The problem is that to find Area_B in the obvious way, you want a way of expressing the B-curve in the form y = f(x), and you're going to end up needing to integrate arccos x, which I expect you're not supposed to know how to do.

So, instead, you need to find another way of finding Area_B.

It's not too difficult to integrate arccos(x) by parts, and since the MAT at that time did require C3 and C4 techniques as well as C1 and C2, it's possible that this was the intended method...

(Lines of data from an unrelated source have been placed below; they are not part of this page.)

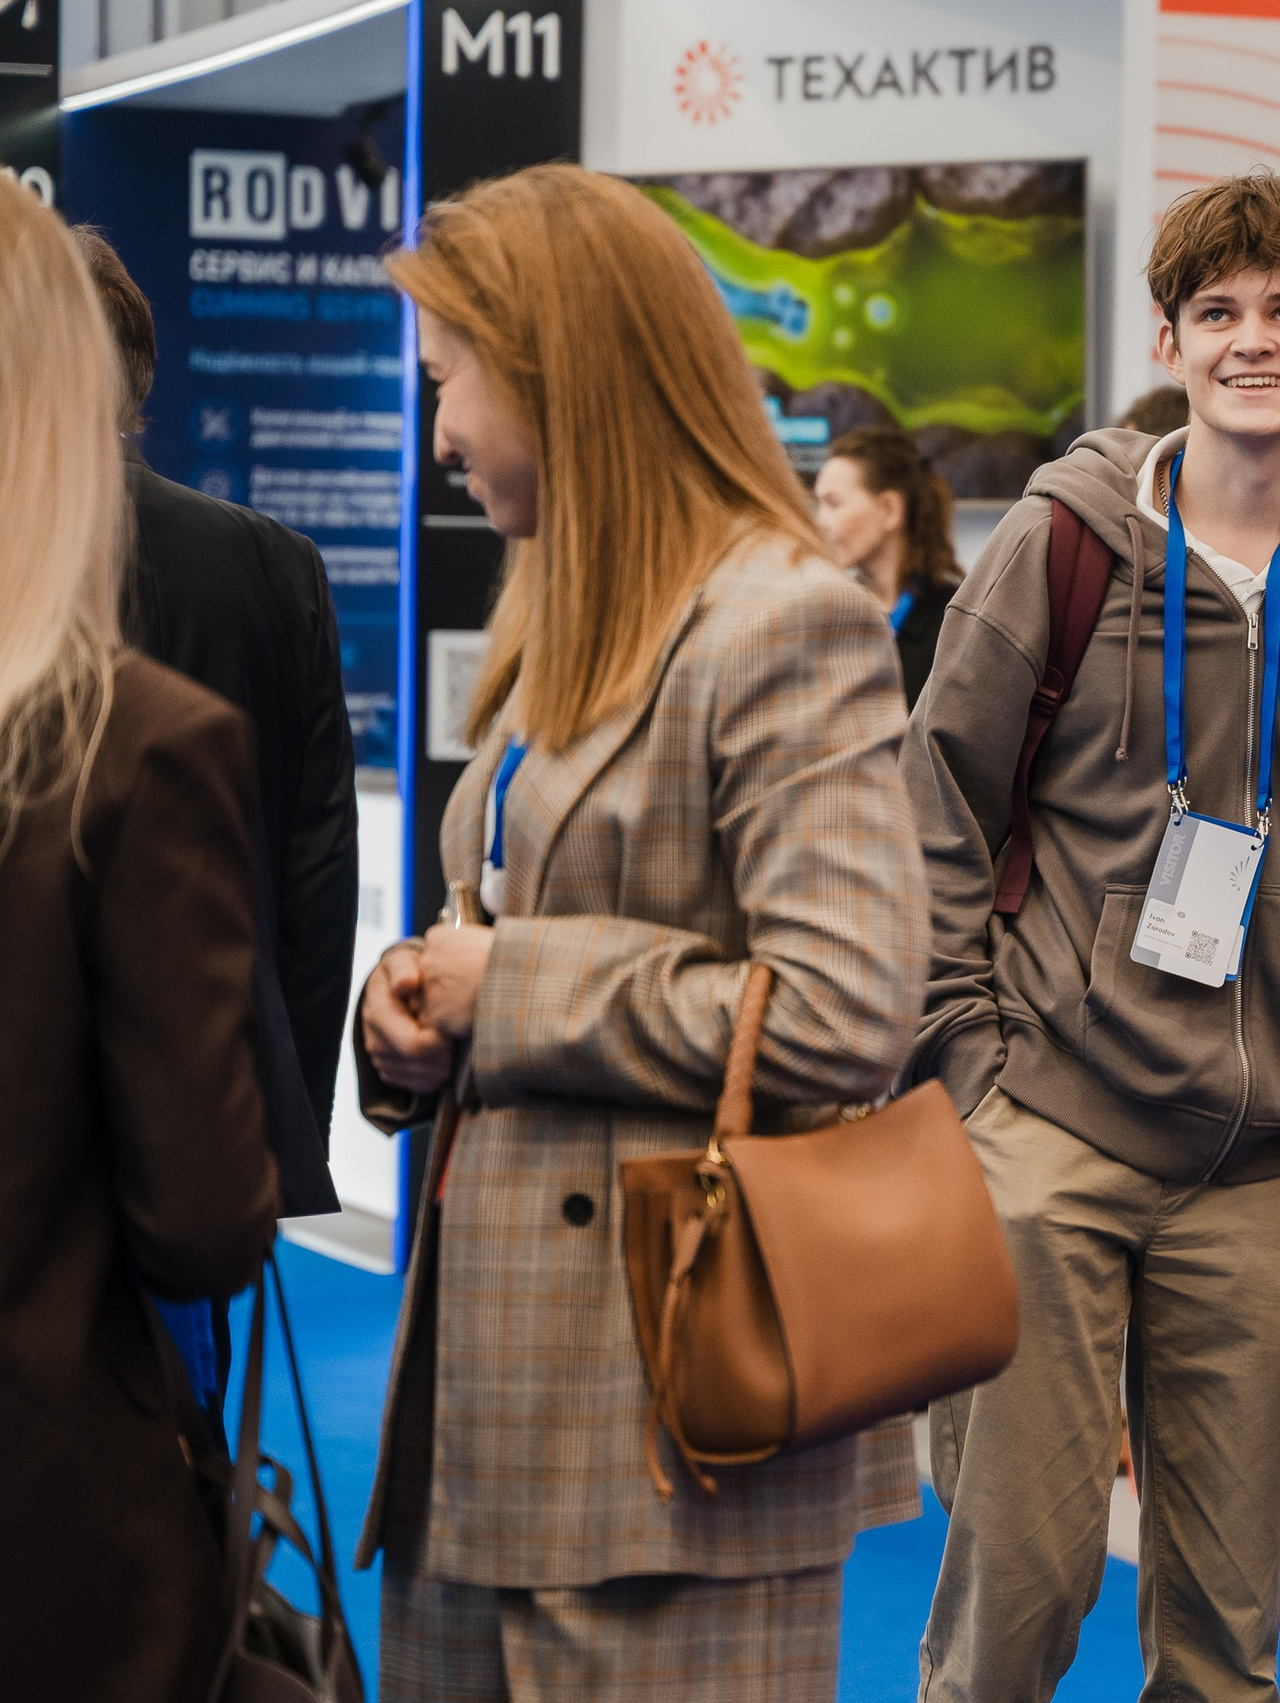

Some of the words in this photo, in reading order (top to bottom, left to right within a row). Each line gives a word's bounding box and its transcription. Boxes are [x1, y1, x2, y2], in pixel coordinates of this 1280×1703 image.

[766, 45, 1057, 102] ТЕХАКТИВ
[1159, 833, 1186, 886] VISITOR
[1149, 912, 1165, 924] Ivan
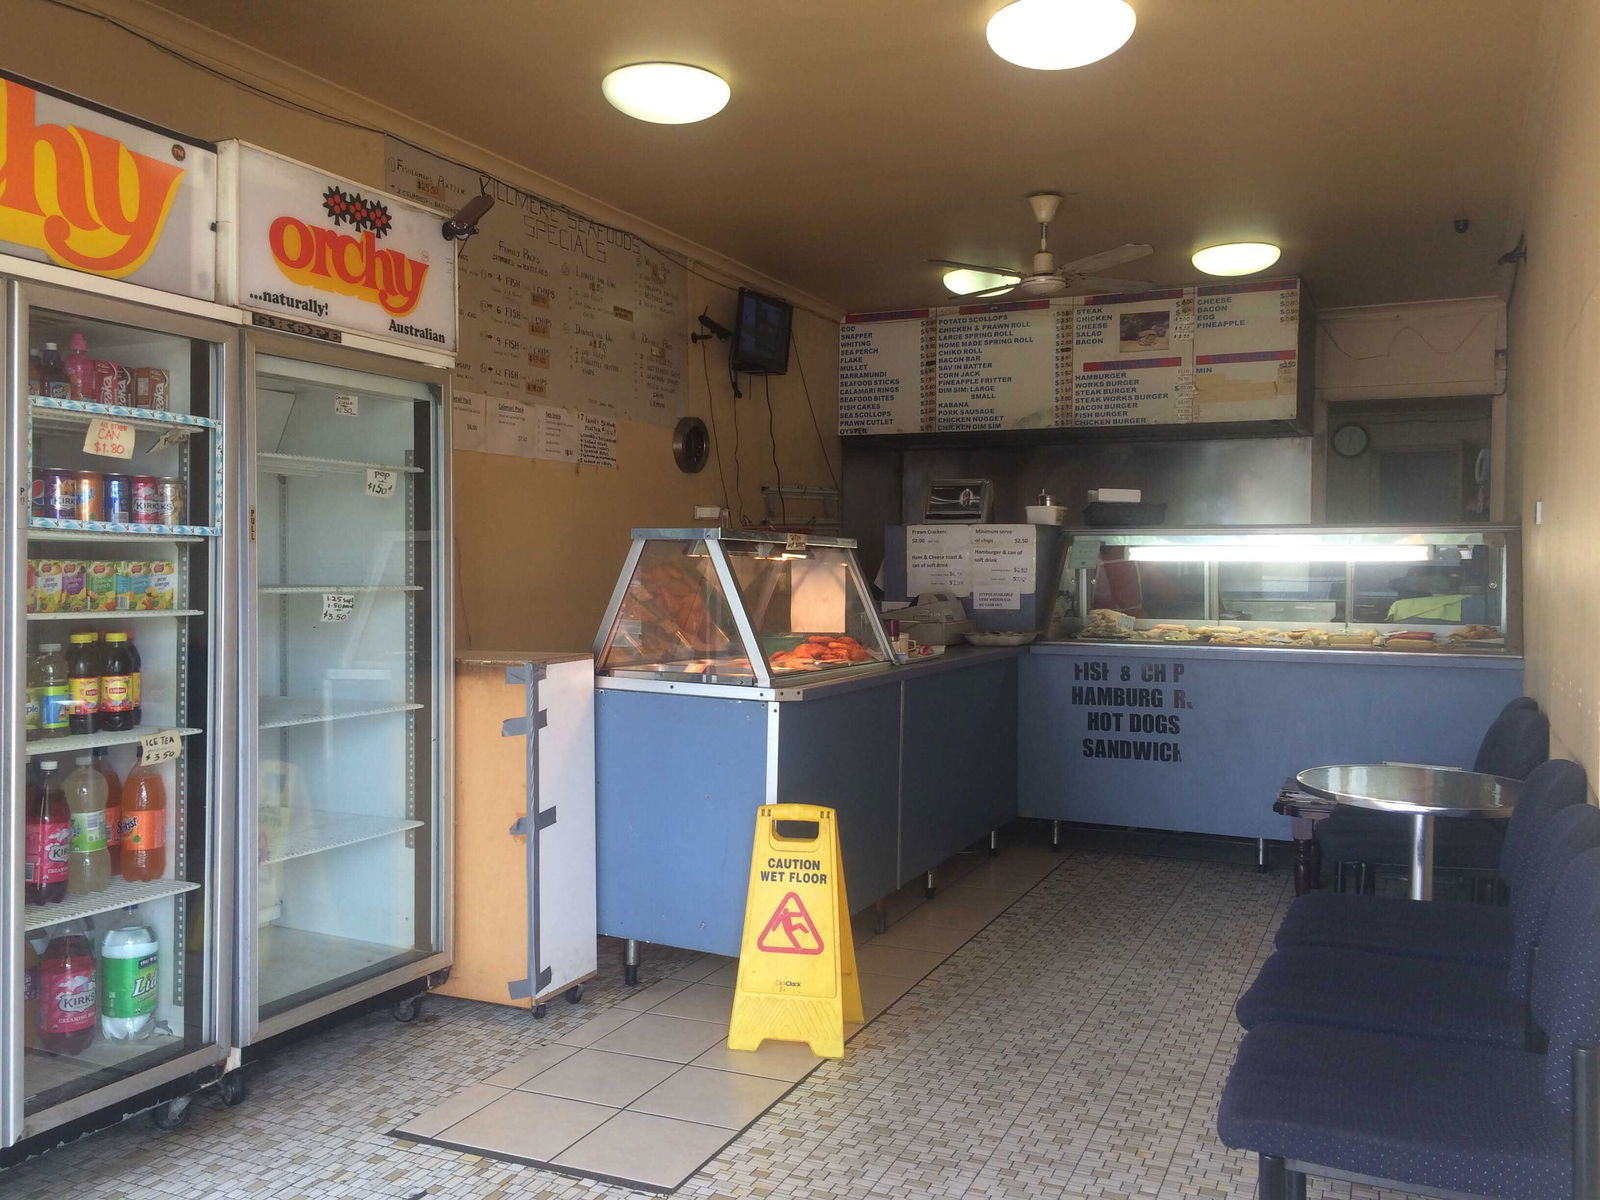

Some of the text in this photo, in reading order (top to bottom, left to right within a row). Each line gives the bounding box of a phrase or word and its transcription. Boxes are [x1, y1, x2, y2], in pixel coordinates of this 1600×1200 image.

[0, 79, 187, 280] hy
[523, 215, 607, 263] SPECIALS
[505, 276, 521, 288] FISH
[1197, 297, 1232, 306] CHEESE
[1197, 305, 1228, 313] BACON
[505, 308, 521, 320] FISH
[1076, 314, 1113, 322] CHICKEN
[1197, 313, 1215, 321] EGG
[968, 315, 1008, 323] SCOLLOPS
[1075, 322, 1108, 330] CHEESE
[1196, 319, 1246, 329] PINEAPPLE
[388, 318, 446, 344] Australian
[938, 326, 972, 334] CHICKEN
[841, 332, 873, 340] SNAPPER
[938, 333, 964, 341] LARGE
[964, 331, 993, 339] SPRING
[504, 338, 520, 350] FISH
[938, 341, 960, 349] HOME
[504, 368, 519, 380] FISH
[1075, 372, 1127, 381] HAMBURGER
[874, 378, 900, 386] STICKS
[980, 376, 1012, 384] FRITTER
[1105, 379, 1139, 387] BURGER
[1103, 387, 1137, 395] BURGER
[1103, 394, 1132, 402] WORKS
[1094, 410, 1128, 418] BURGER
[1074, 418, 1111, 426] CHICKEN
[97, 428, 120, 441] CAN
[1120, 665, 1131, 682] &
[1087, 711, 1180, 735] HOT DOGS
[145, 735, 175, 747] ICE TEA
[767, 857, 821, 871] CAUTION
[760, 870, 828, 885] WET FLOOR
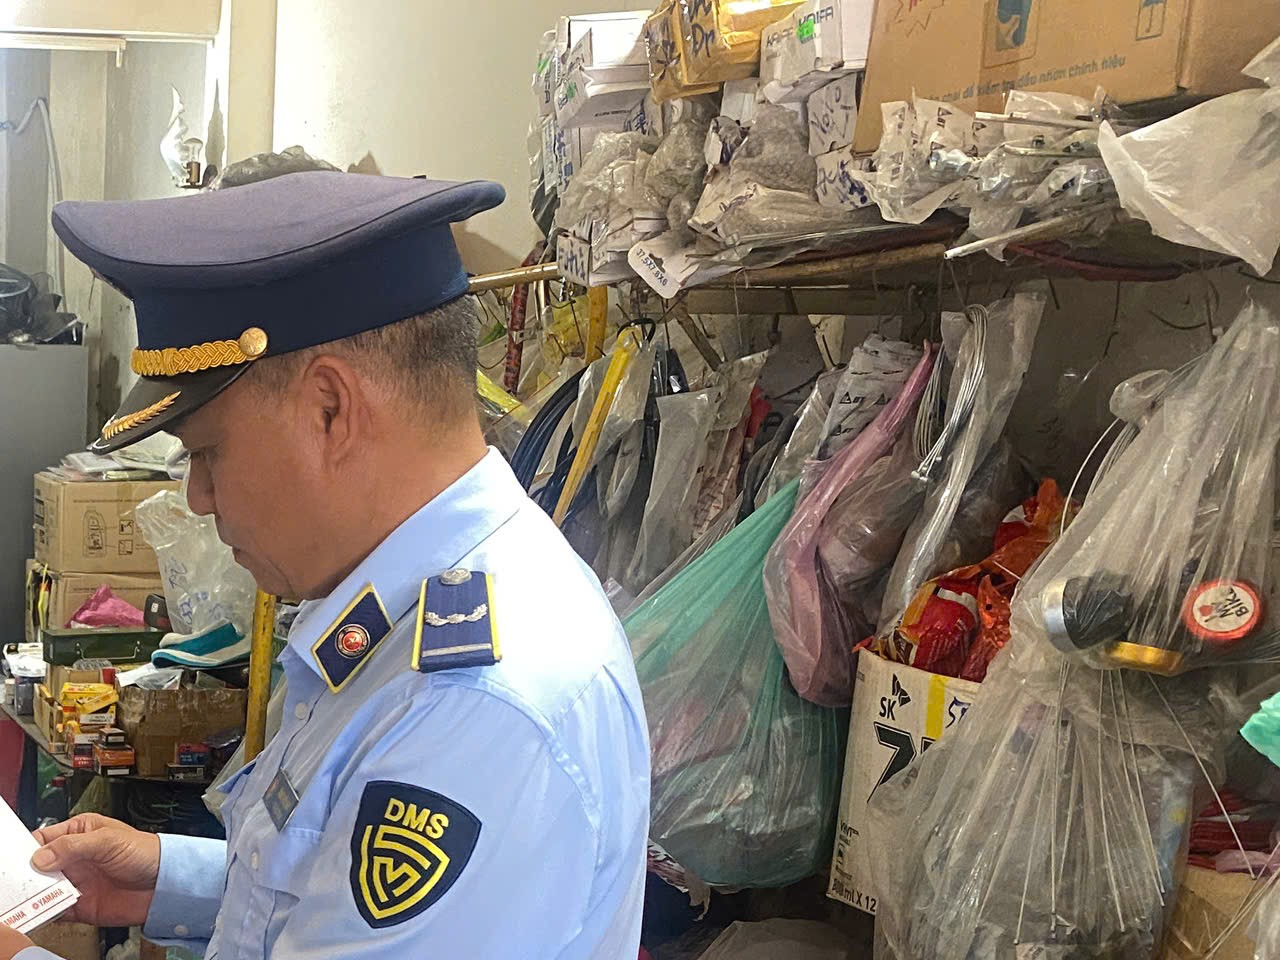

What did you guys get for multiple choice? Here's what I got:

1996:
a) i - Very standard - 2 distinct roots therefore discriminant>0
b) iii - By testing the first few cases eliminate the remaining options
c) iv - Not sure whether this one is iii or iv but I think a 2x2 system can't have multiple solutions anyway (?)
d) iv - Using the double angle theorem and factorizing yields cosx(2sinx-1)=0
e) ii - Not much to say here
f) i - A translation of -i then a vertical reflection
g) ii - The nth root of 10000 approaches 1 as n becomes very large and positive
h) iii - Chain rule
j) iii - Fundamental theorem of calculus
k) iii - 3(4/52)(48/51)(47/50) is approximately 0.2

1997:
a) iii - Solve or sub points in
b) i - f(-2)<0 and f(-1)>0
c) iii - Not sure about this one, really bad at combinatorics
d) ii - If 1<x<2, P becomes +(-)/(-)=+ therefore Q implies P, but solving P (by considering when 1-x is positive/negative) doesn't give Q
e) iv - In the range, cosx ranges from -1 to 1, so cos(cosx) is positive throughout. This rules out ii and iii. i is wrong because for cosx=0 we require x=pi/2, which is greater than 1
f) ii - Not sure whether it's iv - as n approaches infinity, the (-1)^n becomes insignificant
g) ii - The coefficient of x^n is (10Cn)/(2^n). Compare magnitudes
h) Not sure about this one but intuitively I think it's ii. Somebody explain?
j) iii - The nth line creates n more regions. As we have 1 region in the beginning the answer is 1+(the sum of the first n positive integers)
k) iv - Reducing the system to echelon form we find that the bottom row is all zeros

1996 question j) should be f(x)-f(0), i.e. option (i). Try it with an example function to realise this.
For 1997 question c), notice that the teams must consist of 2 people, 2 people, and 1 person. Thus the number of ways would be
5C2 * 3C2 * 1, except that this would then count e.g. (1, 2), (3, 4), (5) as different from (3, 4), (1, 2), (5), so we divide by 2 to give 15, I think.
1997 question f) is indeed 1, as you thought.
For 1997 question h), note that f(3-x) gives the same points as f(x) between 1 and 2: it's a well known result that for a definite integral of f(x) with limits a and b, you can replace f(x) with f(a+b-x) without changing the value of the integral. Now just multiply by 2 since we have 2*f(3-x), to give the answer of 2 as you thought.

Hey, thanks.

Could you explain 1996 j) a bit more? Also for 1997 c) the teams could also be 311 so we add 5C3=10 to 15, giving 25.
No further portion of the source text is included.